Sergipe

22/08/2016 às 16h23

Liminar determina adoção de medidas para regularização fundiária do Parque Nacional Serra de Itabaiana

Ascom/MPF

A Justiça Federal em Sergipe concedeu uma liminar que obriga o Instituto Chico Mendes de Conservação da Biodiversidade (ICMBio) a apresentar em seis meses um diagnóstico da situação fundiária do Parque Nacional Serra de Itabaiana (Parna Serra de Itabaiana). Criada há mais de dez anos, a Unidade de Conservação (UC) tem apenas 8,45% do território em situação regular.

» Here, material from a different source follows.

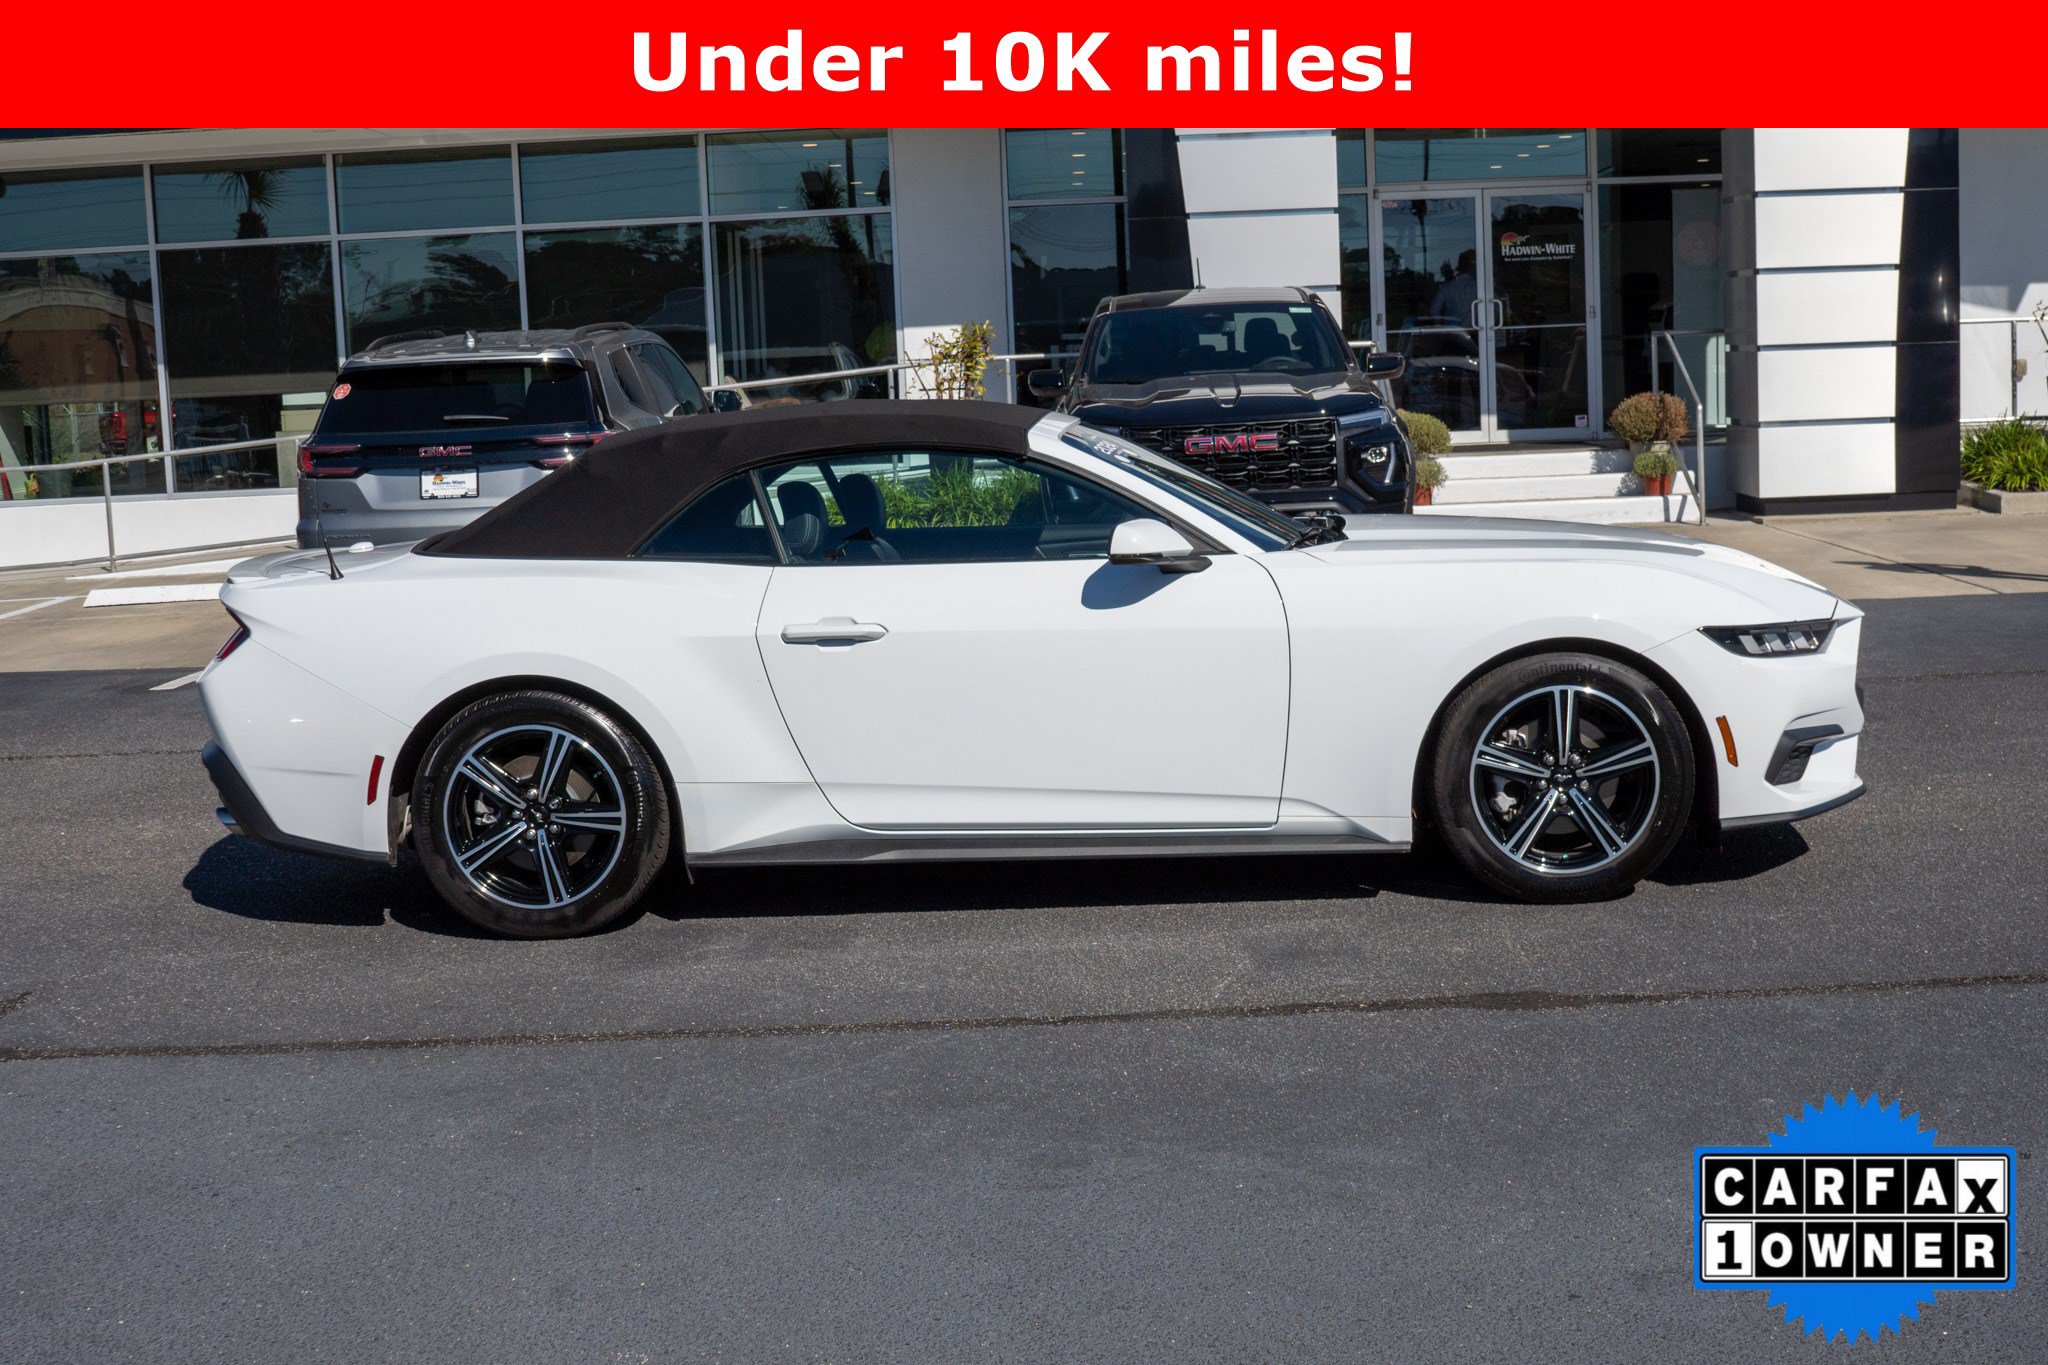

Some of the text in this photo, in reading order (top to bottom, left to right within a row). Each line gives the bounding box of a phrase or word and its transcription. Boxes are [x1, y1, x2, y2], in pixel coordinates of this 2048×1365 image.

[1501, 243, 1576, 256] HADWIN-WHITE
[419, 445, 473, 457] GMC
[1184, 434, 1279, 454] GMC
[1518, 662, 1593, 683] Continental

A medida é fruto de uma ação ajuizada pelo Ministério Público Federal em Sergipe em janeiro de 2016. Para o MPF/SE, a falta de regularização fundiária impede o Parque de desempenhar seus objetivos básicos, como a preservação dos ecossistemas, a realização de pesquisas científicas e o desenvolvimento de atividades de educação ambiental e de turismo ecológico. O diagnóstico exigido pela Justiça é o primeiro passo em direção à regularização.

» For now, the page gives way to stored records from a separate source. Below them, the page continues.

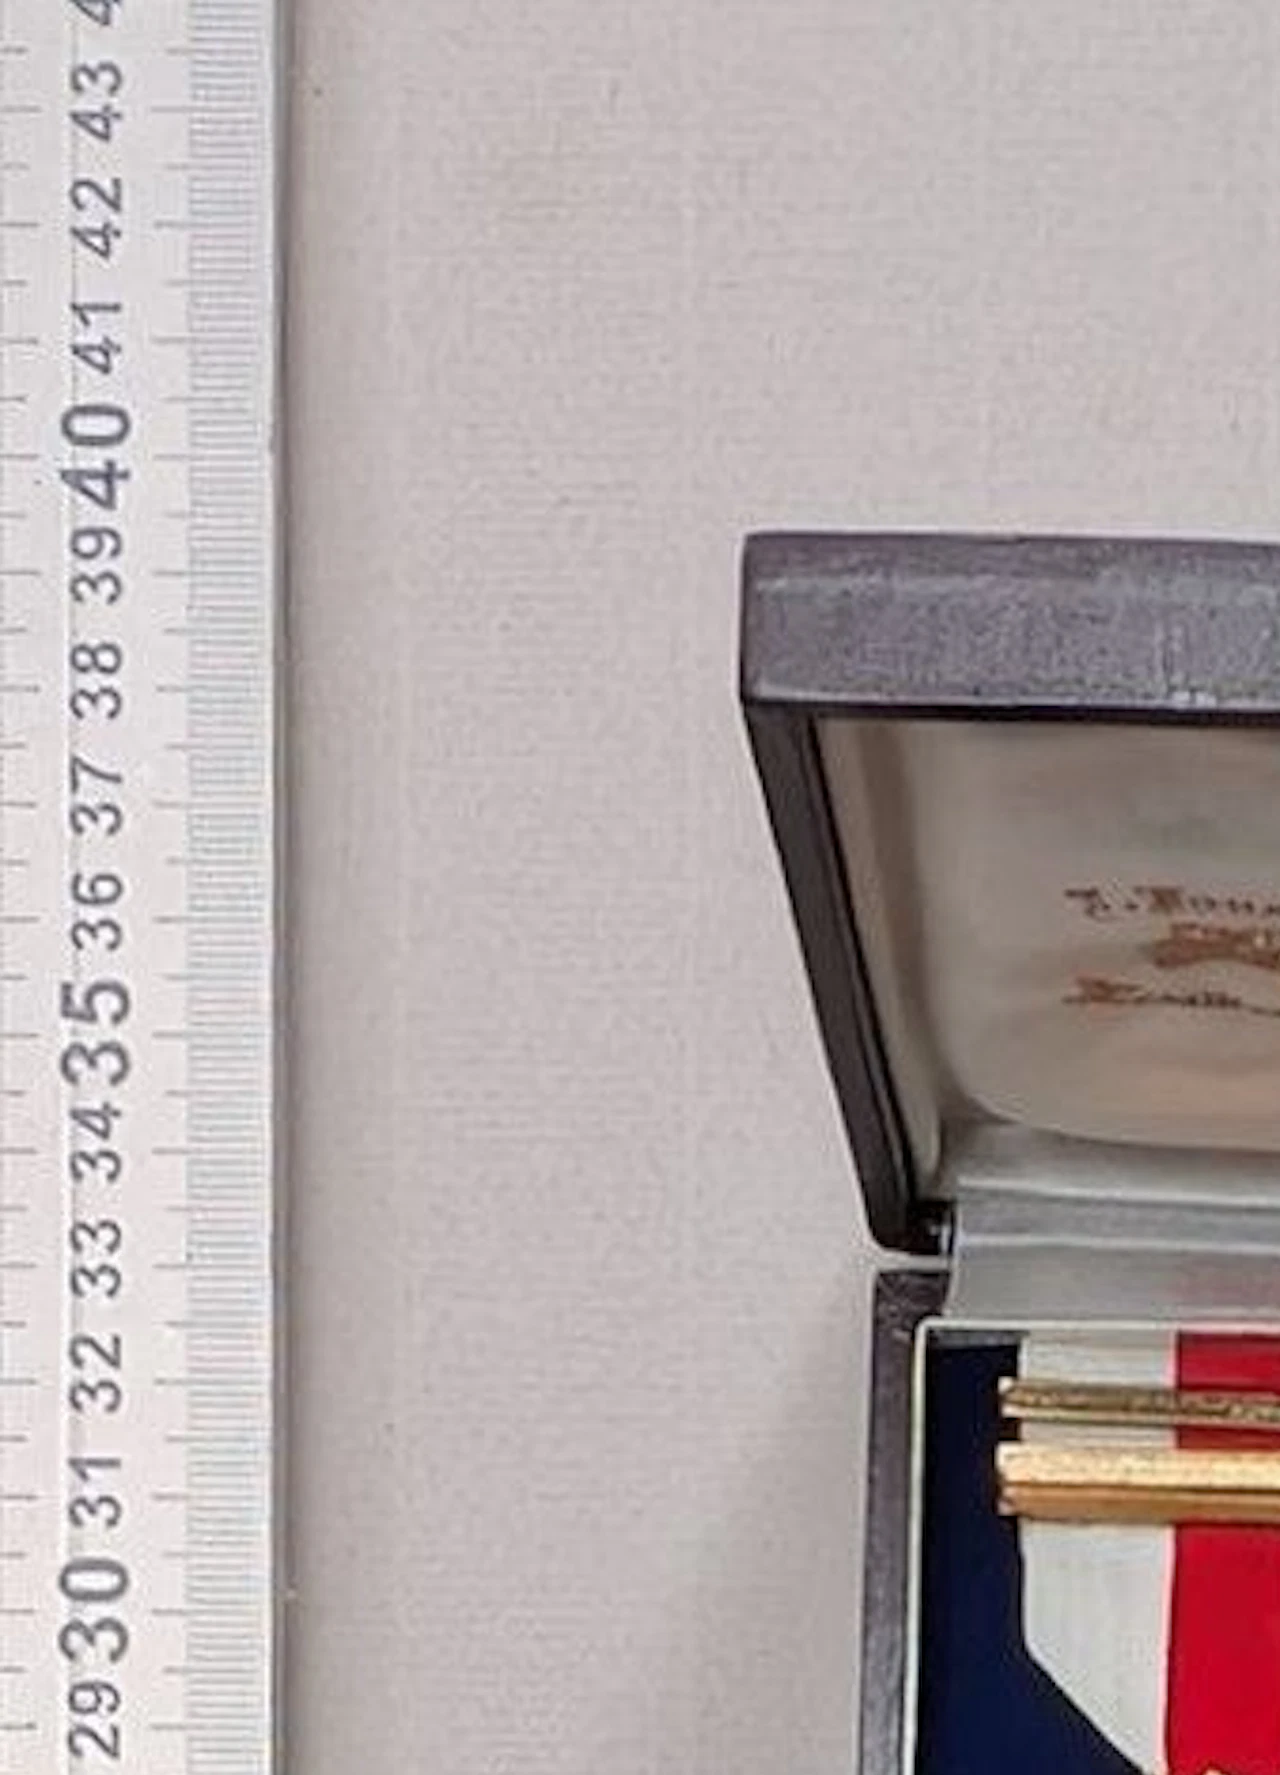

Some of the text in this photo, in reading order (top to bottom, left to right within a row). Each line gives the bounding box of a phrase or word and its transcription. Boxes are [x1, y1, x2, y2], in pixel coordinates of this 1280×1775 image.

[69, 62, 122, 142] 43
[68, 178, 122, 260] 42
[70, 302, 122, 375] 41
[58, 404, 131, 511] 40
[69, 527, 122, 605] 39
[69, 642, 122, 720] 38
[69, 754, 123, 836] 37
[70, 872, 124, 951] 36
[60, 981, 131, 1086] 35
[69, 1102, 121, 1183] 34
[69, 1220, 121, 1298] 33
[68, 1334, 121, 1413] 32
[68, 1458, 121, 1528] 31
[58, 1558, 129, 1663] 30
[67, 1681, 121, 1759] 29

Na ação, o MPF/SE demonstrou que, devido à ausência de regularização fundiária, já foram constatados roubos, queimadas, desmatamento, construções irregulares no Parque, que resultaram de vários inquéritos e ações judiciais que tramitam no MPF e na Justiça Federal.

Para a Justiça Federal, o processo de regularização fundiária é complexo e demanda tempo, por isso, “um início não imediato potencializa o dano ambiental na área (...), restando assim demonstrado o perigo na demora”, destaca trecho da sentença.

Parque Nacional 

Criado por meio de decreto em junho de 2005, o Parque fica localizado no agreste do Estado. Possui 7,9 mil hectares divididos entre os municípios de Areia Branca, Itabaiana, Laranjeiras, Itaporanga D'Ajuda e Campo do Brito. Segundo o ICMBio, há 326 propriedades no Parna, das quais apenas quatro foram regularizadas. A regularização fundiária é umas das medidas mais importantes para a preservação de uma unidade de conservação. Outra medida importante é elaboração do Plano de Manejo. No caso do Parna Serra de Itabaiana, o Plano de Manejo só foi providenciado após ação civil proposta pelo MPF/SE.